**TASK TO CARRY OUT**
What appears in the data must be reproduced exactly.

**DATA UNDER STUDY**
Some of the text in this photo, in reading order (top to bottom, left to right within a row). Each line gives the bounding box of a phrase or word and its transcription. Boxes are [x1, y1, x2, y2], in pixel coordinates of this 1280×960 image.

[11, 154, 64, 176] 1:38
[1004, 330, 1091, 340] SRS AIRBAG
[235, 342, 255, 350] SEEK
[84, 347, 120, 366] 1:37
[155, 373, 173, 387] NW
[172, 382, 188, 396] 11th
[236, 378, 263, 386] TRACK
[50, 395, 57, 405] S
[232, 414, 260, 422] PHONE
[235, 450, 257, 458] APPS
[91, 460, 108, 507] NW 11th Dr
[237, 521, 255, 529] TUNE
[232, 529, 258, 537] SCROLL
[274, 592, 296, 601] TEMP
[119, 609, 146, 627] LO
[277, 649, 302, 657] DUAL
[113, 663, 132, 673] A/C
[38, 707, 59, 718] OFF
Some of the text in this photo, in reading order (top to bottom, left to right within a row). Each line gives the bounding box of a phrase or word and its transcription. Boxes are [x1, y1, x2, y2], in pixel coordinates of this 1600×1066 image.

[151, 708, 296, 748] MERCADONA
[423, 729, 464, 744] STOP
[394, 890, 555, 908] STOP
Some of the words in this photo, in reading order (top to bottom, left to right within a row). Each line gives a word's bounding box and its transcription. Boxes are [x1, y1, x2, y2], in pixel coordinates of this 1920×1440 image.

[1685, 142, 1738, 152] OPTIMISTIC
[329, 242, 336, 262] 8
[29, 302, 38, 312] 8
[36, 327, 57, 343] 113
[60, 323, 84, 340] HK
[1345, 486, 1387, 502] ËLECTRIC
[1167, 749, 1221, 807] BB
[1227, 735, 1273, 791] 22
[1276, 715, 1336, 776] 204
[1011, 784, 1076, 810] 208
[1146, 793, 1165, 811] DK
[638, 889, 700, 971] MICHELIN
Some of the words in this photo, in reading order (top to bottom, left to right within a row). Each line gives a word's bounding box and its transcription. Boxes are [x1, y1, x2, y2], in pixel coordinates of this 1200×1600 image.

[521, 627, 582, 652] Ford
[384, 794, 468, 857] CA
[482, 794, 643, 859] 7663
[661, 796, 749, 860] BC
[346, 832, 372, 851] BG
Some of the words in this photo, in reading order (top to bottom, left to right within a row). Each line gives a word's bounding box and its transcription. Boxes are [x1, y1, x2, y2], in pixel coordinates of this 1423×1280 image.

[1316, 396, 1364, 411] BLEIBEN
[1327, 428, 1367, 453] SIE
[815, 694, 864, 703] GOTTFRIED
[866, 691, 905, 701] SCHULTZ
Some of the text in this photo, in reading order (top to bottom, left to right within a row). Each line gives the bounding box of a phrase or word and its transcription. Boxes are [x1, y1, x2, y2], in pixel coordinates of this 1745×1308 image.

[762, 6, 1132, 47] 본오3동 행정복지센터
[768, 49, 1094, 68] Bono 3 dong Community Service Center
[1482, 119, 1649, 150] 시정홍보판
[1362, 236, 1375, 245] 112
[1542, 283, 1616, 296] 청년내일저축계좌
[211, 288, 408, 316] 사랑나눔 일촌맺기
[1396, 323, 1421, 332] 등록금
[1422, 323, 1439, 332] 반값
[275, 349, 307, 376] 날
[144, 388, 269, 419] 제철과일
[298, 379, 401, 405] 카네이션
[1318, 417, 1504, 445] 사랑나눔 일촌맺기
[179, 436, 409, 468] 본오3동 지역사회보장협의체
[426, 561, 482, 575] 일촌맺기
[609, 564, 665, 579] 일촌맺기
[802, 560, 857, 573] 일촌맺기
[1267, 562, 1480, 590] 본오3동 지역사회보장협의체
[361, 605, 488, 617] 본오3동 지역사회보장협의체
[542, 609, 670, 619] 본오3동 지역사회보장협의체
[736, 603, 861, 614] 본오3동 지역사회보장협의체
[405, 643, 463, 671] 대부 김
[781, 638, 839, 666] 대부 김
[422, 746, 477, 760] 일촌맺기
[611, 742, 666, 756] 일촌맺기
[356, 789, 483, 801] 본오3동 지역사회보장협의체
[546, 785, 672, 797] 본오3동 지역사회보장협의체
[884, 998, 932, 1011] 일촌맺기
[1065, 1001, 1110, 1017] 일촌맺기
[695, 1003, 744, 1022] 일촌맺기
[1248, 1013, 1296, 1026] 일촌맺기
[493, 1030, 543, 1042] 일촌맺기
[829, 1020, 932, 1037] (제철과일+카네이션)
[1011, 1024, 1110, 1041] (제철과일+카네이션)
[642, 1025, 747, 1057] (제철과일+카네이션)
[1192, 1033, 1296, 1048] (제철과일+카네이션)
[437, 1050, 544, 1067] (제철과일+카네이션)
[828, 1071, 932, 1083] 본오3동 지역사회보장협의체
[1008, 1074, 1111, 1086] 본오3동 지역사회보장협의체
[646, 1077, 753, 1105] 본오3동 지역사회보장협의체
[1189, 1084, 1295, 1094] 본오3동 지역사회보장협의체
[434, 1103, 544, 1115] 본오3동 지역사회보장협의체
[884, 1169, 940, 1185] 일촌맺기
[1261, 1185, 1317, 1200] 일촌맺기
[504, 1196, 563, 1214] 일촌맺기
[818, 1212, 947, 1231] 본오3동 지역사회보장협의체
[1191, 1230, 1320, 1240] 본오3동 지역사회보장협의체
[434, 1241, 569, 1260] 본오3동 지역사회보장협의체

**PROBLEM SOLUTION**
Some of the text in this photo, in reading order (top to bottom, left to right within a row). Each line gives the bounding box of a phrase or word and its transcription. Boxes are [x1, y1, x2, y2], in pixel coordinates of this 1280×960 image.

[11, 154, 64, 176] 1:38
[1004, 330, 1091, 340] SRS AIRBAG
[235, 342, 255, 350] SEEK
[84, 347, 120, 366] 1:37
[155, 373, 173, 387] NW
[172, 382, 188, 396] 11th
[236, 378, 263, 386] TRACK
[50, 395, 57, 405] S
[232, 414, 260, 422] PHONE
[235, 450, 257, 458] APPS
[91, 460, 108, 507] NW 11th Dr
[237, 521, 255, 529] TUNE
[232, 529, 258, 537] SCROLL
[274, 592, 296, 601] TEMP
[119, 609, 146, 627] LO
[277, 649, 302, 657] DUAL
[113, 663, 132, 673] A/C
[38, 707, 59, 718] OFF
Some of the text in this photo, in reading order (top to bottom, left to right within a row). Each line gives the bounding box of a phrase or word and its transcription. Boxes are [x1, y1, x2, y2], in pixel coordinates of this 1600×1066 image.

[151, 708, 296, 748] MERCADONA
[423, 729, 464, 744] STOP
[394, 890, 555, 908] STOP
Some of the words in this photo, in reading order (top to bottom, left to right within a row). Each line gives a word's bounding box and its transcription. Boxes are [x1, y1, x2, y2], in pixel coordinates of this 1920×1440 image.

[1685, 142, 1738, 152] OPTIMISTIC
[329, 242, 336, 262] 8
[29, 302, 38, 312] 8
[36, 327, 57, 343] 113
[60, 323, 84, 340] HK
[1345, 486, 1387, 502] ËLECTRIC
[1167, 749, 1221, 807] BB
[1227, 735, 1273, 791] 22
[1276, 715, 1336, 776] 204
[1011, 784, 1076, 810] 208
[1146, 793, 1165, 811] DK
[638, 889, 700, 971] MICHELIN
Some of the words in this photo, in reading order (top to bottom, left to right within a row). Each line gives a word's bounding box and its transcription. Boxes are [x1, y1, x2, y2], in pixel coordinates of this 1200×1600 image.

[521, 627, 582, 652] Ford
[384, 794, 468, 857] CA
[482, 794, 643, 859] 7663
[661, 796, 749, 860] BC
[346, 832, 372, 851] BG
Some of the words in this photo, in reading order (top to bottom, left to right within a row). Each line gives a word's bounding box and its transcription. Boxes are [x1, y1, x2, y2], in pixel coordinates of this 1423×1280 image.

[1316, 396, 1364, 411] BLEIBEN
[1327, 428, 1367, 453] SIE
[815, 694, 864, 703] GOTTFRIED
[866, 691, 905, 701] SCHULTZ
Some of the text in this photo, in reading order (top to bottom, left to right within a row). Each line gives the bounding box of a phrase or word and its transcription. Boxes are [x1, y1, x2, y2], in pixel coordinates of this 1745×1308 image.

[762, 6, 1132, 47] 본오3동 행정복지센터
[768, 49, 1094, 68] Bono 3 dong Community Service Center
[1482, 119, 1649, 150] 시정홍보판
[1362, 236, 1375, 245] 112
[1542, 283, 1616, 296] 청년내일저축계좌
[211, 288, 408, 316] 사랑나눔 일촌맺기
[1396, 323, 1421, 332] 등록금
[1422, 323, 1439, 332] 반값
[275, 349, 307, 376] 날
[144, 388, 269, 419] 제철과일
[298, 379, 401, 405] 카네이션
[1318, 417, 1504, 445] 사랑나눔 일촌맺기
[179, 436, 409, 468] 본오3동 지역사회보장협의체
[426, 561, 482, 575] 일촌맺기
[609, 564, 665, 579] 일촌맺기
[802, 560, 857, 573] 일촌맺기
[1267, 562, 1480, 590] 본오3동 지역사회보장협의체
[361, 605, 488, 617] 본오3동 지역사회보장협의체
[542, 609, 670, 619] 본오3동 지역사회보장협의체
[736, 603, 861, 614] 본오3동 지역사회보장협의체
[405, 643, 463, 671] 대부 김
[781, 638, 839, 666] 대부 김
[422, 746, 477, 760] 일촌맺기
[611, 742, 666, 756] 일촌맺기
[356, 789, 483, 801] 본오3동 지역사회보장협의체
[546, 785, 672, 797] 본오3동 지역사회보장협의체
[884, 998, 932, 1011] 일촌맺기
[1065, 1001, 1110, 1017] 일촌맺기
[695, 1003, 744, 1022] 일촌맺기
[1248, 1013, 1296, 1026] 일촌맺기
[493, 1030, 543, 1042] 일촌맺기
[829, 1020, 932, 1037] (제철과일+카네이션)
[1011, 1024, 1110, 1041] (제철과일+카네이션)
[642, 1025, 747, 1057] (제철과일+카네이션)
[1192, 1033, 1296, 1048] (제철과일+카네이션)
[437, 1050, 544, 1067] (제철과일+카네이션)
[828, 1071, 932, 1083] 본오3동 지역사회보장협의체
[1008, 1074, 1111, 1086] 본오3동 지역사회보장협의체
[646, 1077, 753, 1105] 본오3동 지역사회보장협의체
[1189, 1084, 1295, 1094] 본오3동 지역사회보장협의체
[434, 1103, 544, 1115] 본오3동 지역사회보장협의체
[884, 1169, 940, 1185] 일촌맺기
[1261, 1185, 1317, 1200] 일촌맺기
[504, 1196, 563, 1214] 일촌맺기
[818, 1212, 947, 1231] 본오3동 지역사회보장협의체
[1191, 1230, 1320, 1240] 본오3동 지역사회보장협의체
[434, 1241, 569, 1260] 본오3동 지역사회보장협의체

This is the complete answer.